Son intention était bien de faire coexister de manière permanente ce nouveau régime dérogatoire avec d’autres régimes dérogatoires, comme ceux qui résultent de la loi de 1955, de la théorie des circonstances exceptionnelles ou de l’article 16 de la Constitution.

La commission des lois a adopté un dispositif de nature différente. Nous ne voulons pas inscrire dans notre droit un régime exceptionnel qui pourrait être mobilisé dans des circonstances que nous ignorons dans cinq, dix ou vingt ans, parce que tout régime dérogatoire pose des problèmes en termes de respect des libertés publiques. Par conséquent, nous avons voulu circonscrire le recours à l’état d’urgence sanitaire à la crise que nous connaissons.

Nous ne retirons aucun des moyens que le Gouvernement souhaite se voir attribuer par le Parlement, mais nous ne voulons pas que ce système survive à la fin de la crise née de la propagation du coronavirus. Il y a changement de paradigme, si j’ose dire, entre l’approche du Gouvernement, qui souhaite mettre en place un régime permanent mobilisable en toutes circonstances à l’avenir, et celle de la commission des lois du Sénat, qui souhaite circonscrire l’instauration de ce régime à la crise présente.

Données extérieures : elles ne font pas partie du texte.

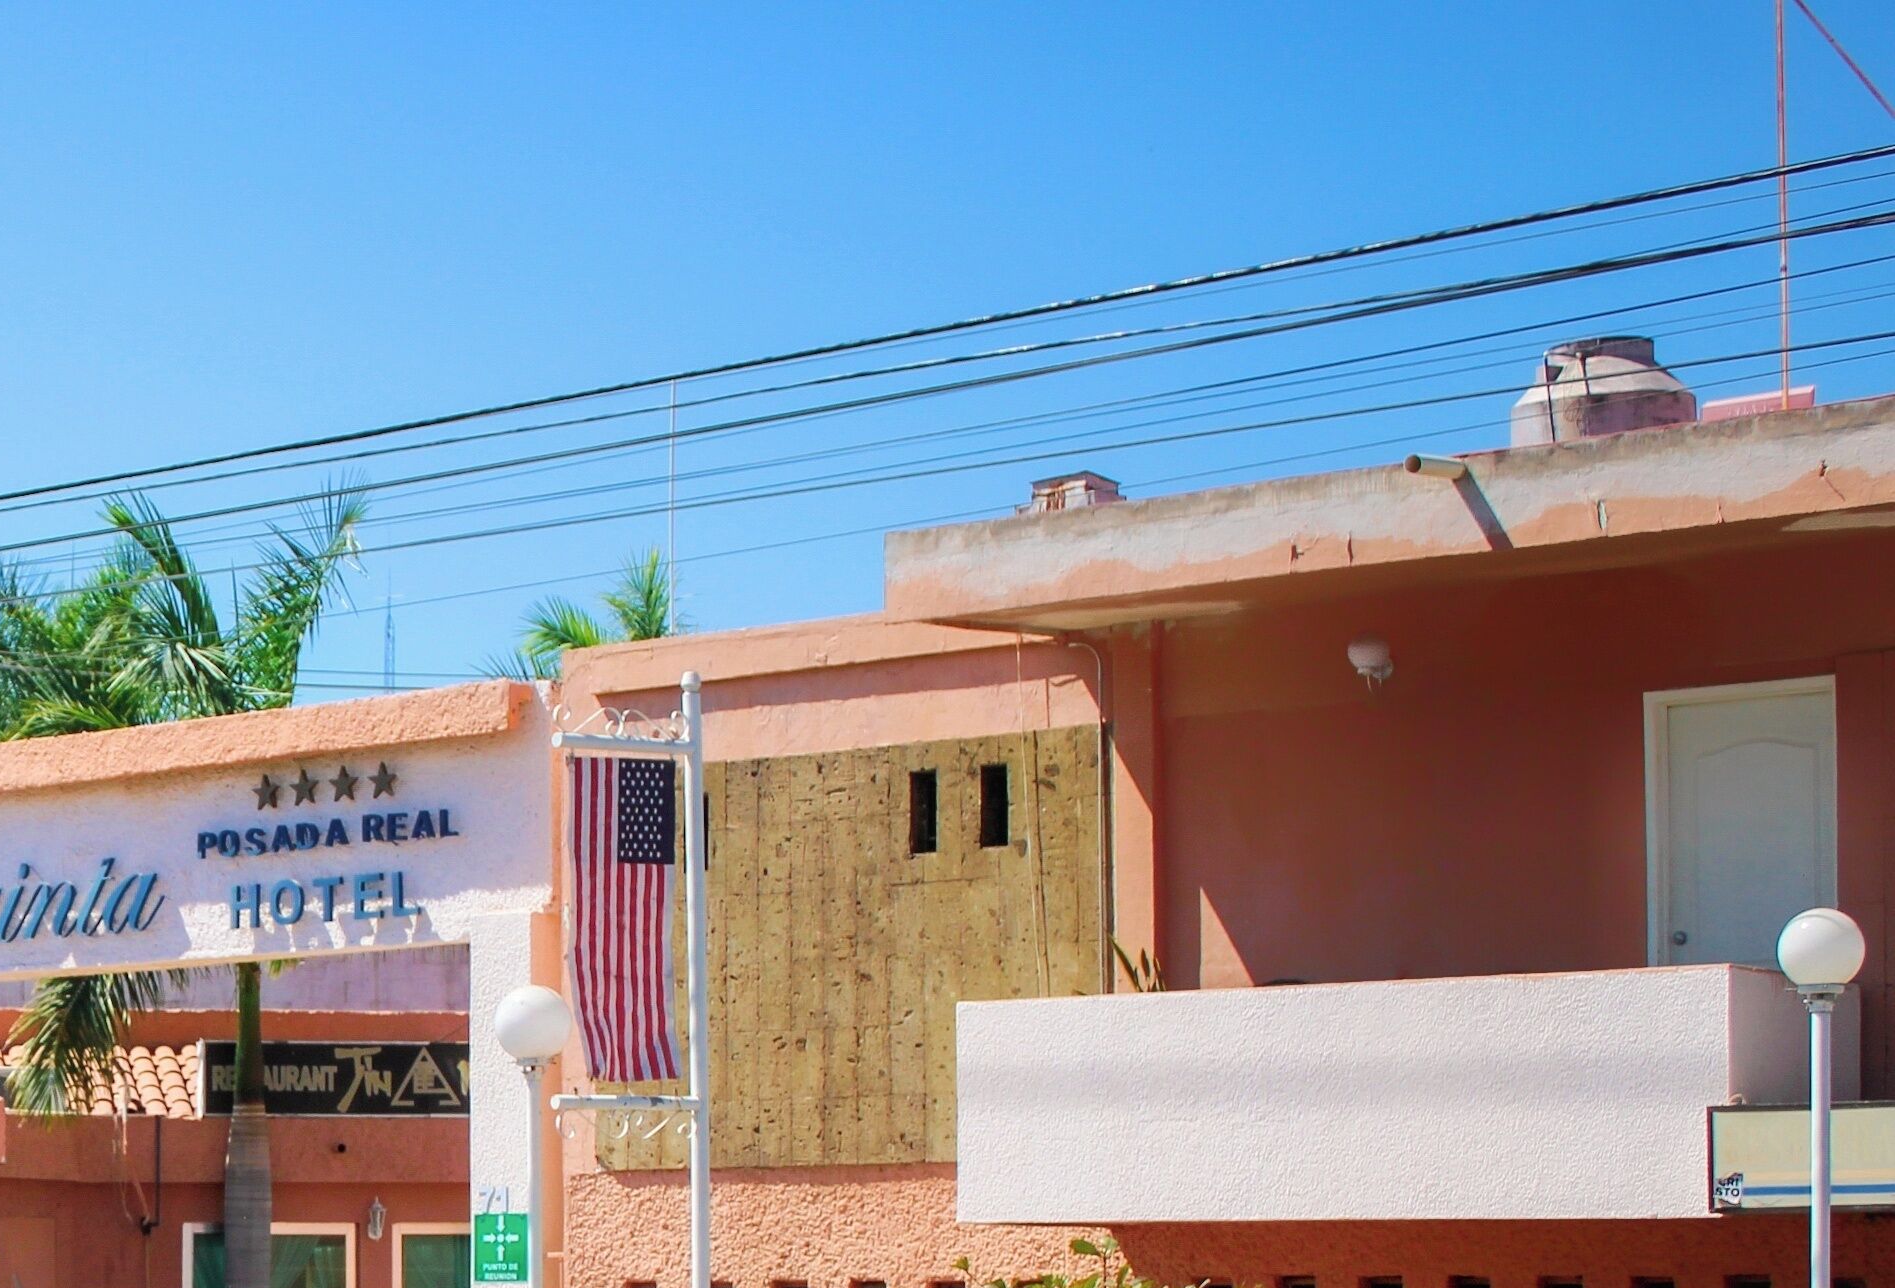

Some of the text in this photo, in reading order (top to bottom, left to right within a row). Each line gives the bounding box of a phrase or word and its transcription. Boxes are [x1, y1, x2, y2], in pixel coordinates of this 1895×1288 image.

Nous verrons plus tard, lorsque sera venu le temps de la réflexion et du bilan de la gestion de cette crise, s’il faut créer un nouveau dispositif permanent, mais, pour l’heure, nous ne pensons pas que ce soit indispensable.

Concernant la durée, le projet initial du Gouvernement, lorsqu’il a saisi le Conseil d’État, était un décalque parfait du régime de la loi de 1955 : le Gouvernement ne pouvait prolonger l’état d’urgence sanitaire au-delà de douze jours sans un vote du Parlement. Le Conseil d’État ayant considéré que douze jours n’étaient pas suffisants pour faire face à une épidémie, la durée d’un mois a finalement été retenue dans le projet de loi.

Nos collègues du groupe CRCE considèrent qu’un mois est une durée trop longue, sans doute parce qu’ils en sont restés à l’idée d’un système permanent dérogatoire – un régime que nous ne voulons pas mettre en place. Ils préféreraient donc que le Parlement se prononce plus tôt. Mais si le Parlement se prononce aujourd’hui, on ne va pas lui demander de le faire de nouveau dans douze jours !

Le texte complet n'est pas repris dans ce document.